Among ministers outside the cabinet were the following:
Attorney-General: Sir George Jessel
Solicitor-General: Sir Rupert Kettle
Postmaster-General: Henry Broadhurst
Under-Secretary of State at the Foreign Office: Lady Kate Maclean [1] She spoke for the government on foreign policy in the House of Lords.

The cabinet appointments about which there was the most press comment were those of Davitt, and of the women ministers Roberts and Taylor.

[1] A fictional character. She was a member of the House of Lords elected by Glasgow City Council.
After the general election, Parliament met on 18 June 1878. The House of Commons unanimously re-elected John Mowbray [Oxford University, Conservative] as Speaker.

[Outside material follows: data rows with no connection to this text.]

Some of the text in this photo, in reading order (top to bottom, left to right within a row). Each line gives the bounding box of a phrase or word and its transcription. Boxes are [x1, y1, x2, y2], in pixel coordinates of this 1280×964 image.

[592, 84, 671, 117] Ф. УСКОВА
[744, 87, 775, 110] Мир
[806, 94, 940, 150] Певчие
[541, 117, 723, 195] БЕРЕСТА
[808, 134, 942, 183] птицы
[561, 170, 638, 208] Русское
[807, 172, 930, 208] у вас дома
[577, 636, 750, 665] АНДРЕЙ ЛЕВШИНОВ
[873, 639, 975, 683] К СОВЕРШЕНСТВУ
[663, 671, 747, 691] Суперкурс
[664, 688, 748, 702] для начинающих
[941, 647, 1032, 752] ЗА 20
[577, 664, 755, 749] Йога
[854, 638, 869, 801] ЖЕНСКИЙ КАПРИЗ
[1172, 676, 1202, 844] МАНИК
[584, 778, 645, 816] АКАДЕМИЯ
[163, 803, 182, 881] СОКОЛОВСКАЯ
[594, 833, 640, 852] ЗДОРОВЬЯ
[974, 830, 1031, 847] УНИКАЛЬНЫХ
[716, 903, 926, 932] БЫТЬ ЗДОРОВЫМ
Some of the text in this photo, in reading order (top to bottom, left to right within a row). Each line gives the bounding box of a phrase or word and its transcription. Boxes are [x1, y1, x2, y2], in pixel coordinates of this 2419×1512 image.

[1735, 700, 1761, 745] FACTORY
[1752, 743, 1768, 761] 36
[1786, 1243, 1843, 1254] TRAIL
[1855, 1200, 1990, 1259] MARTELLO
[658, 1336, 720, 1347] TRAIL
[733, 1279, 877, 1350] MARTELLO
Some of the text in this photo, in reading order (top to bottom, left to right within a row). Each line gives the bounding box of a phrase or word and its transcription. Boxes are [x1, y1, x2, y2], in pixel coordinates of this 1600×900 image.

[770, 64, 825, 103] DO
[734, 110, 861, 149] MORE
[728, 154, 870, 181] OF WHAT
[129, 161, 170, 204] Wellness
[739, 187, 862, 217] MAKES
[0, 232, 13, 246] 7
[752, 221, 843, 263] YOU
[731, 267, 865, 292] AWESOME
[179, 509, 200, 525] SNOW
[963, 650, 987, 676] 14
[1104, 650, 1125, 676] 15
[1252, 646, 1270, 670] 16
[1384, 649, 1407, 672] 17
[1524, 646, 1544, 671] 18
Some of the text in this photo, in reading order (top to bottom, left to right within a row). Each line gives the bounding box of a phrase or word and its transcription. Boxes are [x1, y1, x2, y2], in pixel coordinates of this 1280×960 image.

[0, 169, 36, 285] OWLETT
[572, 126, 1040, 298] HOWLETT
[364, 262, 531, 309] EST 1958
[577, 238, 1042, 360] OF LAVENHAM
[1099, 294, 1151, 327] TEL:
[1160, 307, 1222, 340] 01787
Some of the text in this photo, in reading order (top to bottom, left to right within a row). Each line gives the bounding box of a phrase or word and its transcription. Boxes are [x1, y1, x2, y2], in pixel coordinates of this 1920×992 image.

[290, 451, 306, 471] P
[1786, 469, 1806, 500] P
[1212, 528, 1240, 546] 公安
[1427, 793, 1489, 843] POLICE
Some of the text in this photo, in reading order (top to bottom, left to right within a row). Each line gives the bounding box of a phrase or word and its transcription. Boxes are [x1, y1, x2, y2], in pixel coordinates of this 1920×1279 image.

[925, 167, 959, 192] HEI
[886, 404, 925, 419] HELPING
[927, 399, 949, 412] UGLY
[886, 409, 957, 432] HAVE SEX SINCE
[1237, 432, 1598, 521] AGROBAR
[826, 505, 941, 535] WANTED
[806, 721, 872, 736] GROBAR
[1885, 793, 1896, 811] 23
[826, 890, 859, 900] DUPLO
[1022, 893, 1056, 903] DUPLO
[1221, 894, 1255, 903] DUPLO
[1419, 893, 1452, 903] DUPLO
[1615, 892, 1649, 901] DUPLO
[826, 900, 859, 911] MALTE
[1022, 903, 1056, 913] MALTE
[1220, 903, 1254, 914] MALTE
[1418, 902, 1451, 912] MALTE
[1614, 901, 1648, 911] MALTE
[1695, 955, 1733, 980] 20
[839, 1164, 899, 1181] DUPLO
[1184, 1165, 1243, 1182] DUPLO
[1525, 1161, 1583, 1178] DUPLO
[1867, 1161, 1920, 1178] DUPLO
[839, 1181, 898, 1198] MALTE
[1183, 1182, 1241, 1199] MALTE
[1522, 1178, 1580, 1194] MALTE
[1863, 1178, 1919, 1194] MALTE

The number of women MPs elected in the general election were as follows [October 1874 general election]:
Commonwealth: 12 [17]
Conservative: 5 [3]
Irish Nationalist: 5 [2]
Liberal: 1 [-]
Total: 23 [22]
On 25 June 1878, Queen Victoria delivered the Queen's Speech which set out the legislative programme of her government for the new parliamentary session. Among the bills proposed were for an increase in the living wage from 13 shillings and nine pence a week to fourteen shillings and sixpence a week for workers aged 16 or over, and from 11 shillings and three pence a week to 12 shillings a week for workers aged 13 to 16; for funeral grants for basic funerals; for empowering local authorities to establish municipal pawnbrokers. There was also a bill to give Home Rule to Ireland, but everyone knew that the government were waiting until after the elections by borough and county councils to the House of Lords at the end of October/beginning of November later that year, to introduce such a bill.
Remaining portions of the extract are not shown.